Problem requirements -> Each entry below must be given again word for word, with no pictures.

Provided records below:

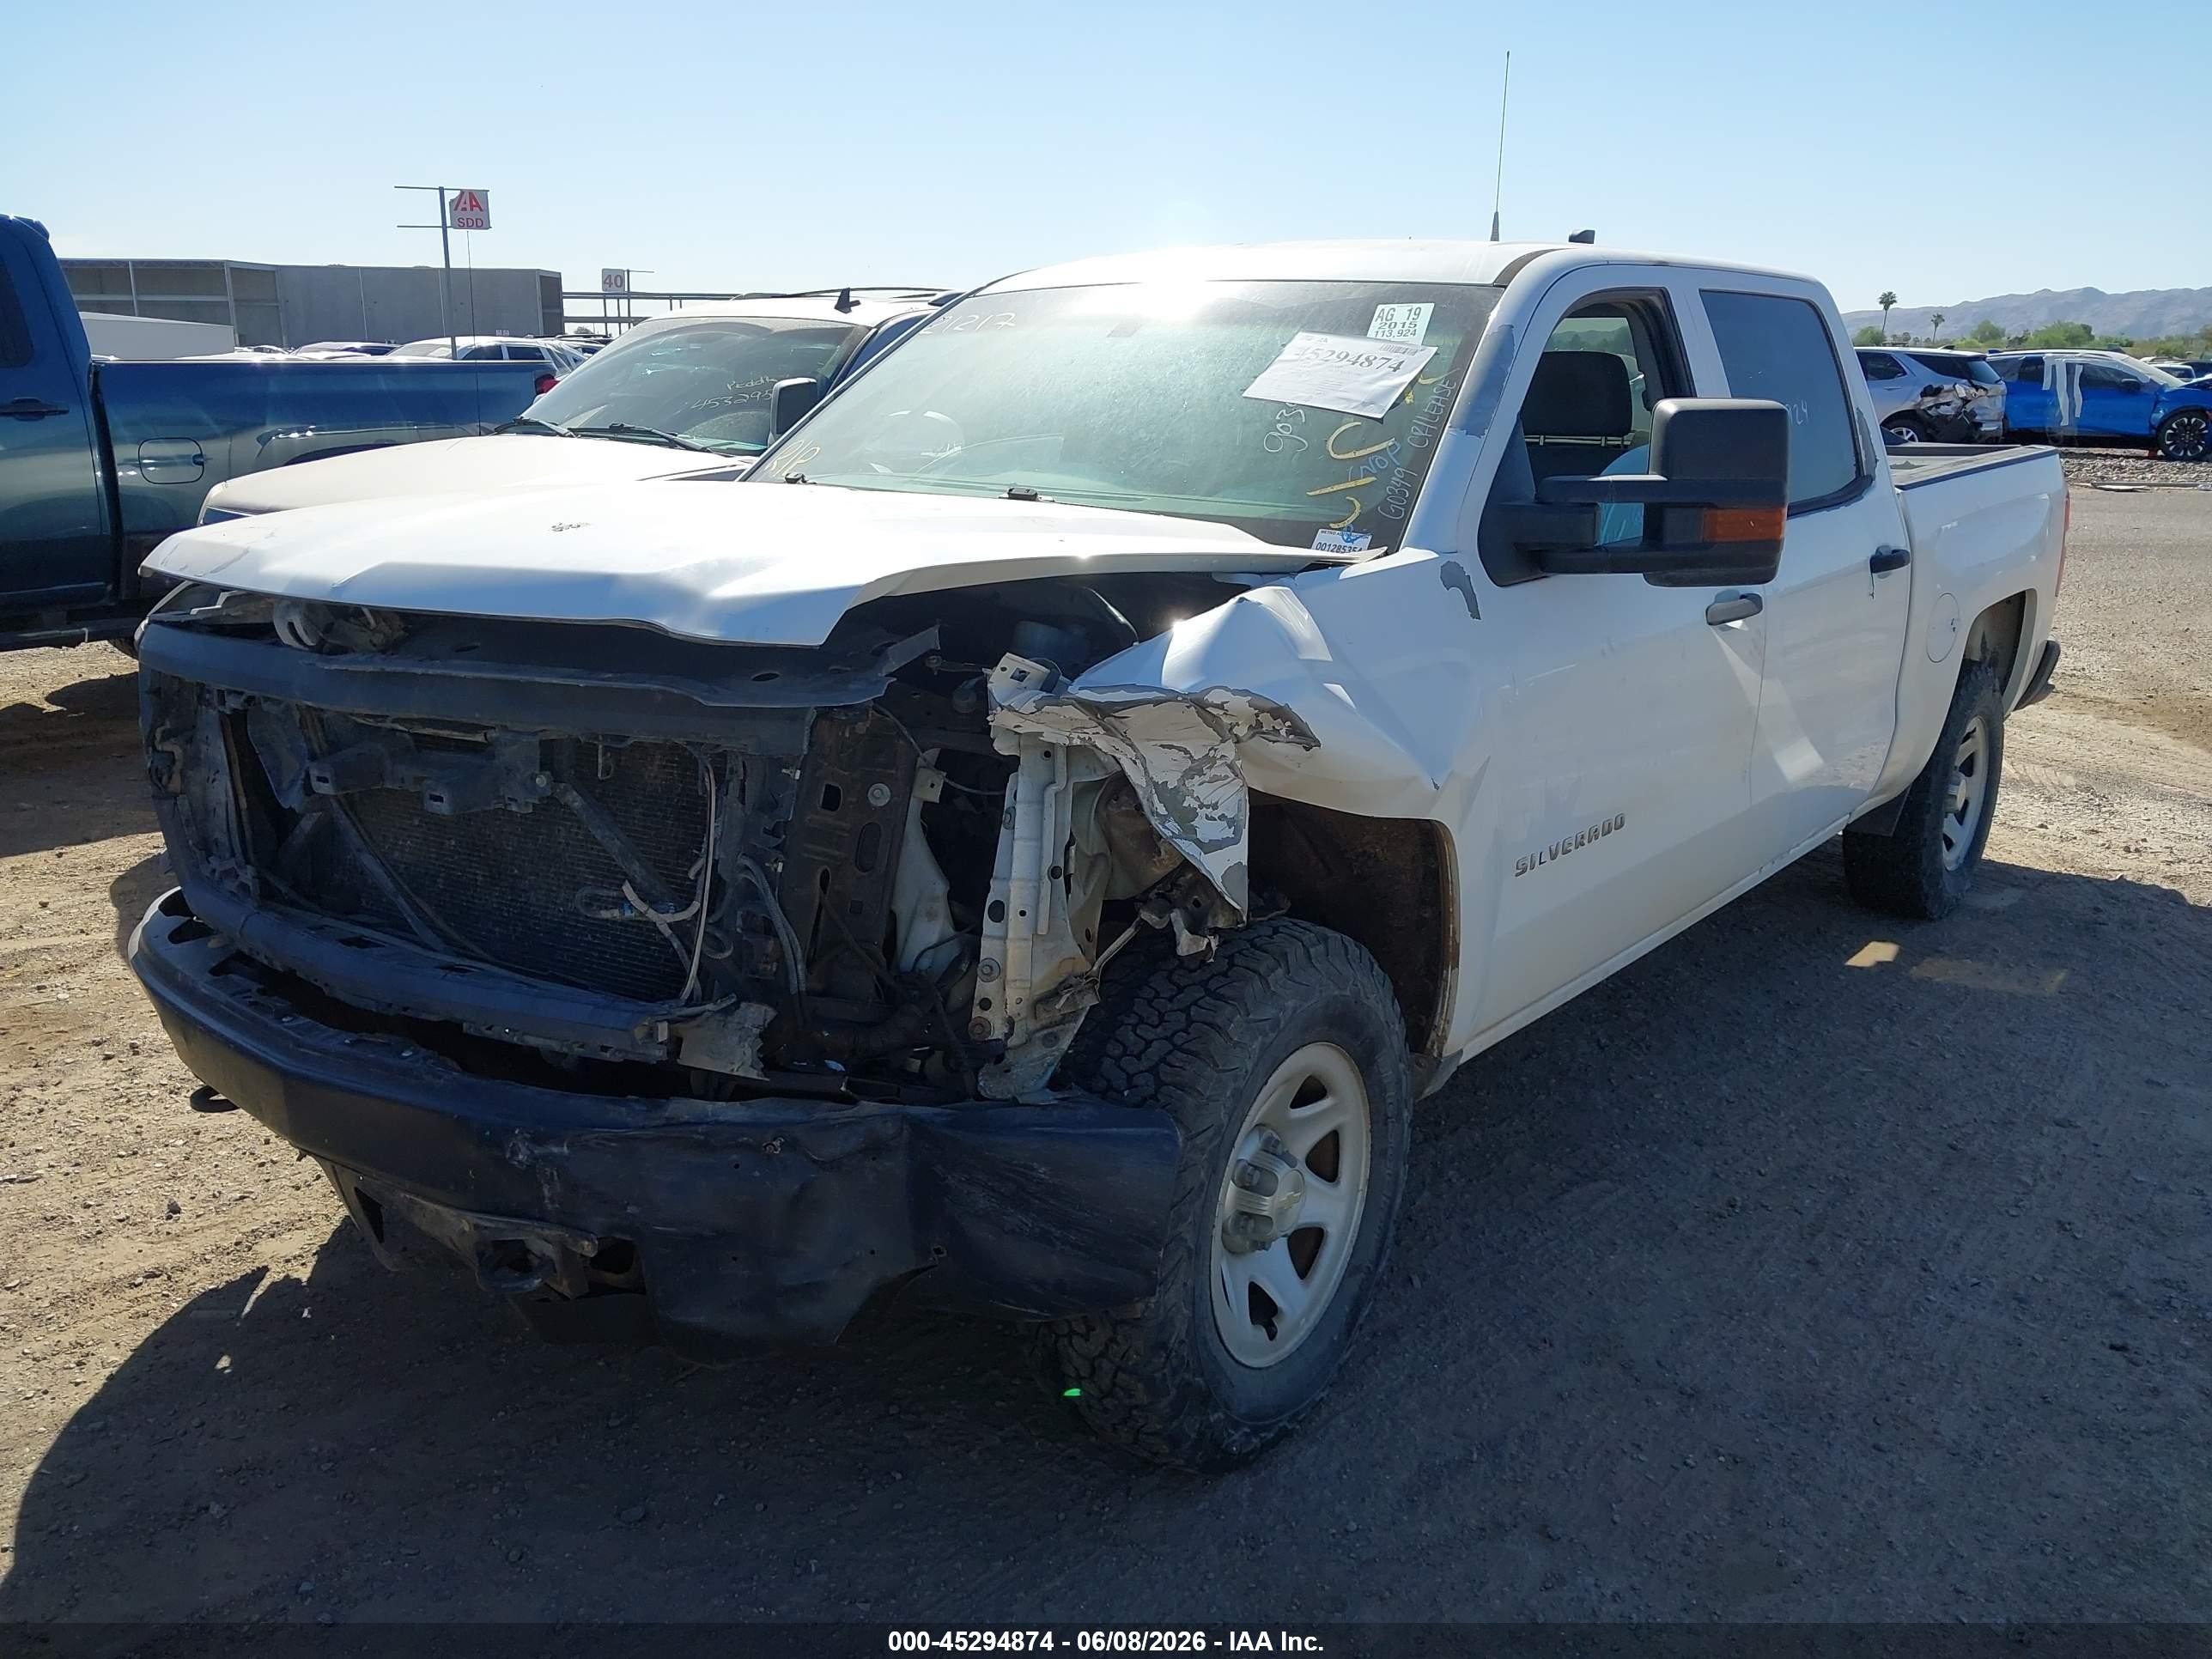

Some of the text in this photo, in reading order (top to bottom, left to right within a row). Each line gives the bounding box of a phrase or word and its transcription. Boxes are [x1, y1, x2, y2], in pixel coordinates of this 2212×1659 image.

[457, 217, 483, 228] SDD
[604, 275, 623, 288] 40
[1375, 307, 1422, 322] AG 19
[1377, 321, 1417, 330] 2015
[1295, 347, 1406, 373] 45294874
[1263, 402, 1308, 453] 903
[1515, 813, 1626, 877] SILVERADO
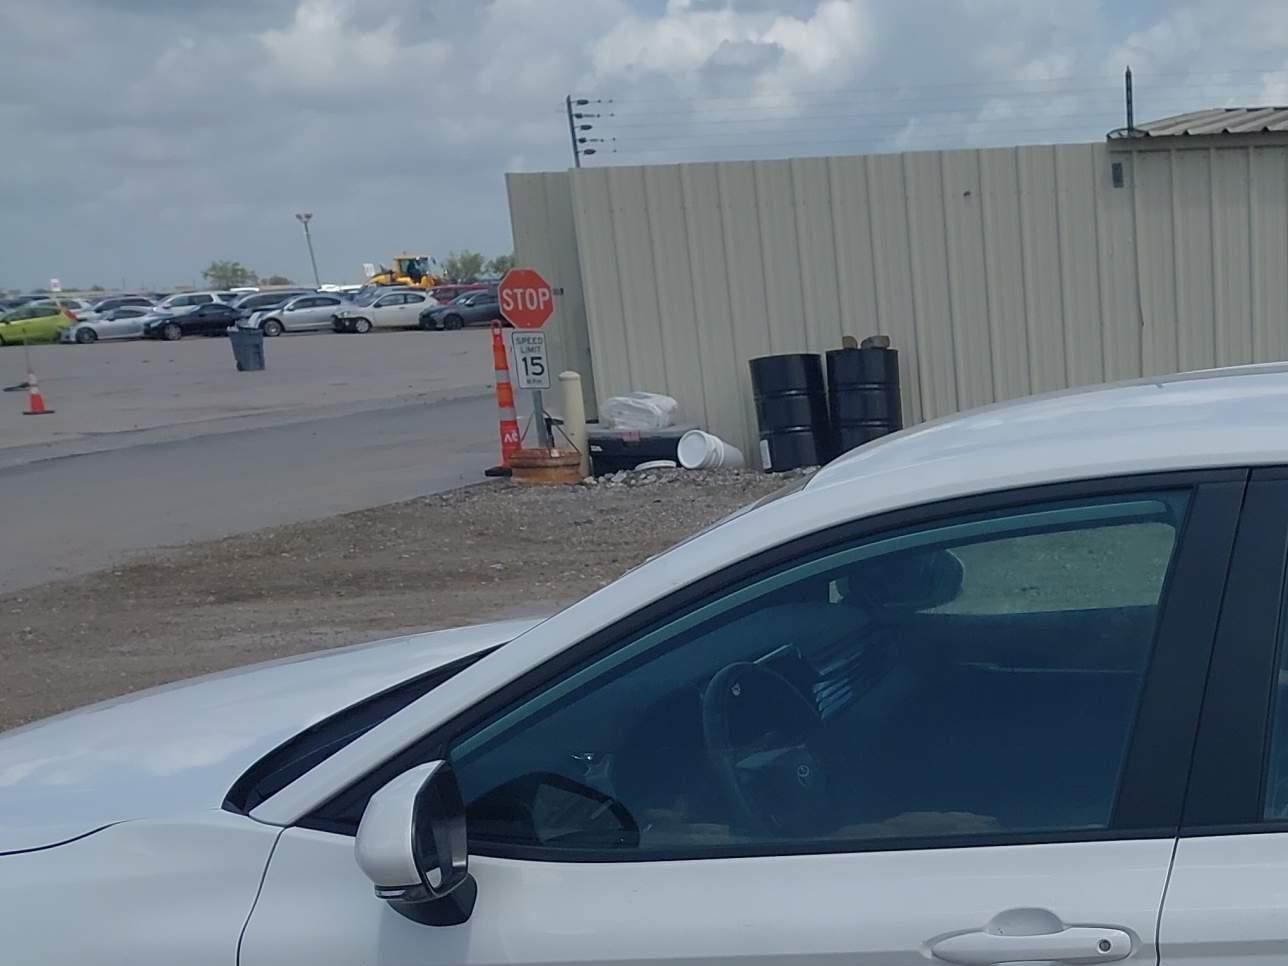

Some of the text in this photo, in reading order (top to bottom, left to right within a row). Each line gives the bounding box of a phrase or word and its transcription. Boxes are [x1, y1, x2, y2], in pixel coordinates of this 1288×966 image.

End of Provided records.

Result of this exercise ->
Some of the text in this photo, in reading order (top to bottom, left to right within a row). Each line gives the bounding box of a phrase or word and its transcription. Boxes are [x1, y1, x2, y2], in pixel coordinates of this 2212×1659 image.

[457, 217, 483, 228] SDD
[604, 275, 623, 288] 40
[1375, 307, 1422, 322] AG 19
[1377, 321, 1417, 330] 2015
[1295, 347, 1406, 373] 45294874
[1263, 402, 1308, 453] 903
[1515, 813, 1626, 877] SILVERADO

Some of the text in this photo, in reading order (top to bottom, left to right within a row). Each line gives the bounding box of a phrase or word and its transcription. Boxes are [x1, y1, x2, y2], in pixel coordinates of this 1288×966 image.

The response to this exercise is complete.